Pre-Open Data
Key Data for the Week
Australian Market
The Australian sharemarket enjoyed gains yesterday, to rise 1.2% in what was the local index’s best day in three weeks.
The Financials sector outperformed, as it followed a solid lead from the US due to better-than-expected earnings reports from Citigroup and Wells Fargo. In addition to this, ANZ entered a trading halt after the company announced their intention to purchase Suncorp’s banking arm. Suncorp closed the session 6.1% higher following the announcement. Among the major banks, NAB added 1.9%, Westpac lifted 1.3%, while Commonwealth Bank and Macquarie Bank rose 1.0% and 3.2% respectively.
Positive earnings reports from local coalminers also boosted the Energy sector, which added 2.2%. Whitehaven Coal announced an increase to full-year earnings and lifted 5.2%, while Yancoal and Coronado followed suit to rise 1.9% and 0.6% respectively.
The Information Technology sector also posted gains, after being heavily weakened in prior months. Accounting software provider Xero added 2.0%, while WiseTech Global jumped 7.2%.
The Australian futures market points to a 0.32% loss today.
Overseas Markets
European sharemarkets finished higher overnight, boosted by the Energy sector, which was buoyed by an increase in the price of oil. The Financials sector also rose on positive earnings reports from the US; Barclays lifted 2.6% and Santander gained 0.3%. By the close of trade, the STOXX Europe 600 and the UK’s FTSE 100 both lifted 0.9%, while the German DAX added 0.7%.

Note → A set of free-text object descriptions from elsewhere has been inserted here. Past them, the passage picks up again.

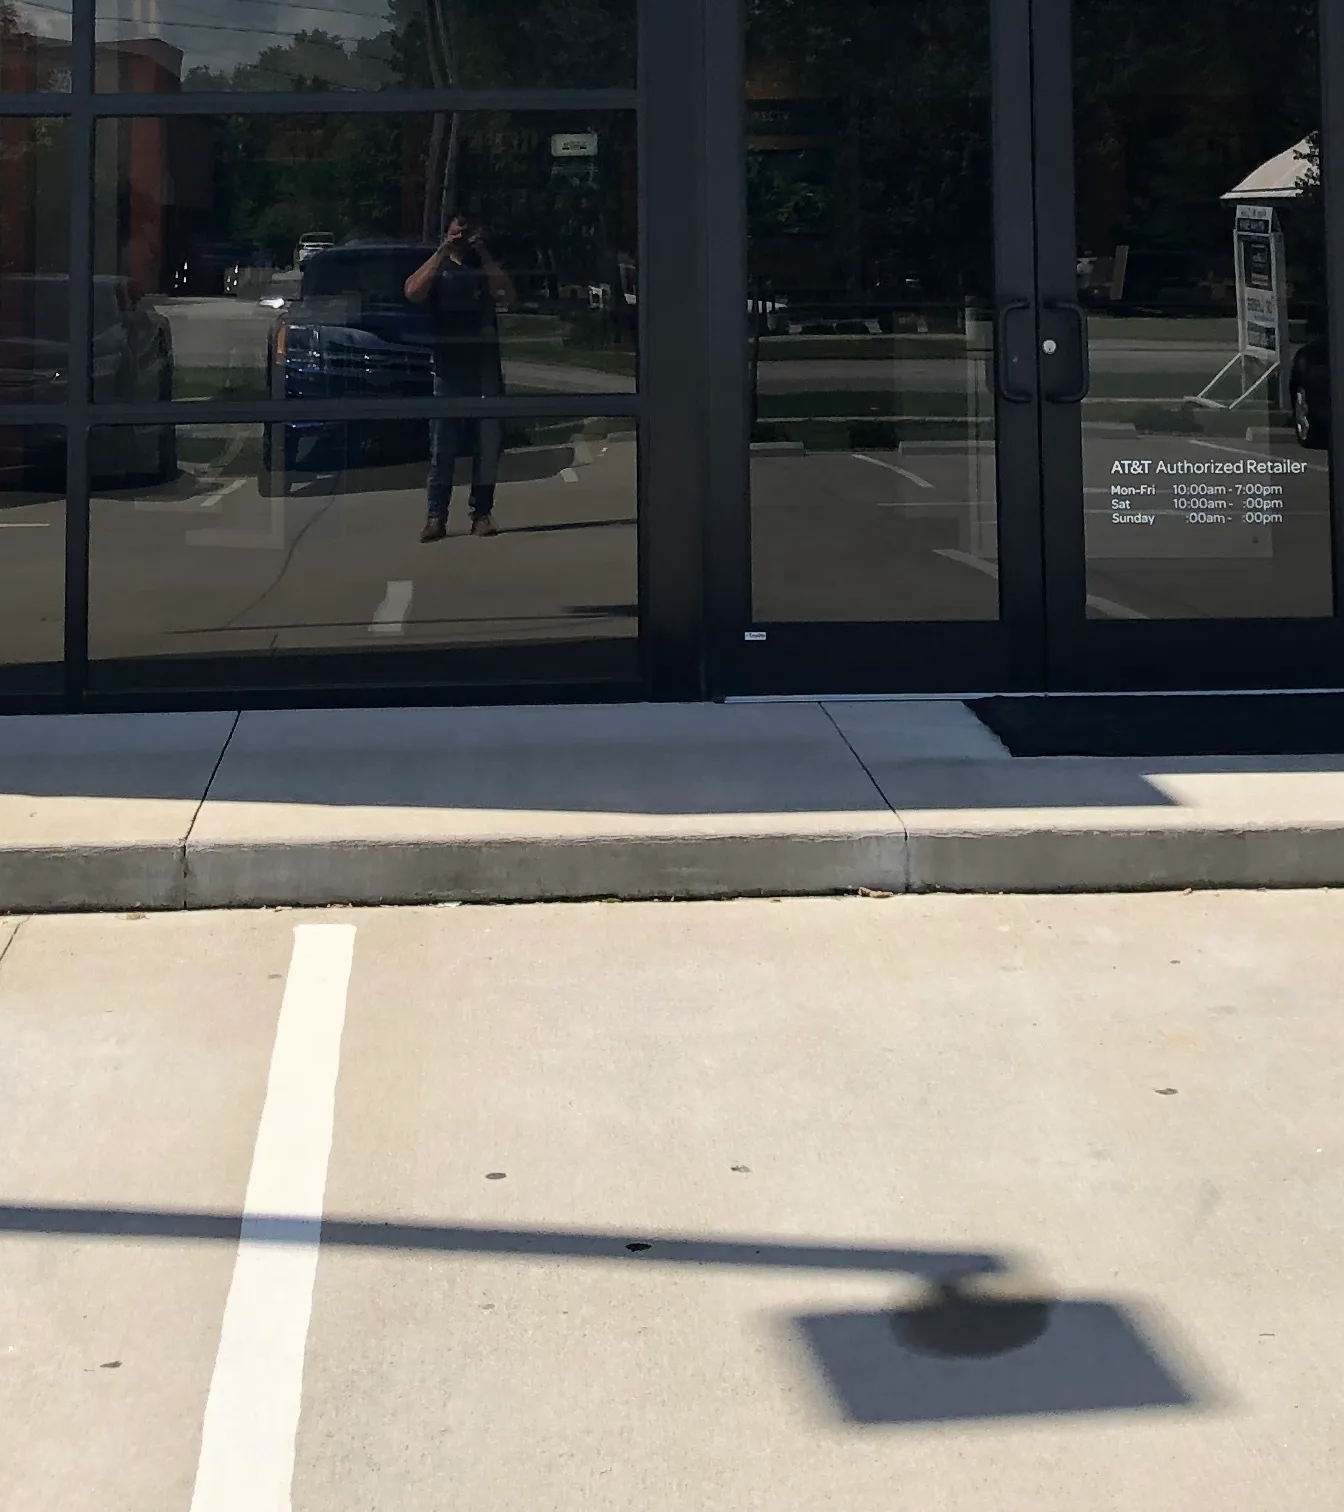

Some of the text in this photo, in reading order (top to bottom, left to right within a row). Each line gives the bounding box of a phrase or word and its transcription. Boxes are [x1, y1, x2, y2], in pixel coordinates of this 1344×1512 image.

[1110, 458, 1309, 475] AT&T Authorized Retailer
[1110, 483, 1156, 496] Mon-Fri
[1172, 483, 1227, 495] 10:00am
[1234, 483, 1283, 497] 7:00pm
[1111, 498, 1131, 510] Sat
[1172, 497, 1227, 509] 10:00am
[1111, 512, 1156, 525] Sunday

US sharemarkets lost ground overnight, as the major technology stocks were mixed. Alphabet dropped 2.9% in the first trading session after its stock-split, while Netflix lifted 1.0%. By the close of trade, the Dow Jones dropped 0.7%, while the S&P 500 and the NASDAQ both lost 0.8%.
CNIS Perspective
There are no real surprises in the data coming out of CoreLogic in recent weeks regarding Australia’s house prices. As we continue on the upward cycle of rate rises, the purchasing power of every dollar reduces as the servicing of debt increases.
This is flowing through to house prices, especially across the east coast, in property markets that have generated significant returns since the onset of COVID-19’s zero interest rate environment.
While prices remain significantly higher than pre-pandemic levels, in June, Sydney home values fell 1.6% and have given up a further 0.7% over the first 11 days of July, while in Melbourne, home prices fell 1.1% for June and another 0.4% in July so far.
Higher home prices have provided a level of security for owners, a boost to consumers’ net wealth and allowed confidence to spend and boost economic growth.
However, it would be reasonable to expect this recent deterioration in prices to continue for the time being, as the RBA is setting itself up to increase rates by another 50 basis points in August, in their continued response to inflation data.
If the property market tailwinds experienced over the past two years soon become a drag on Australia’s economic growth, we may see this reduce the RBA’s Official Cash Rate expectations, which are currently priced at peaking at 3.5% by end of March 2023, up from 1.35% today.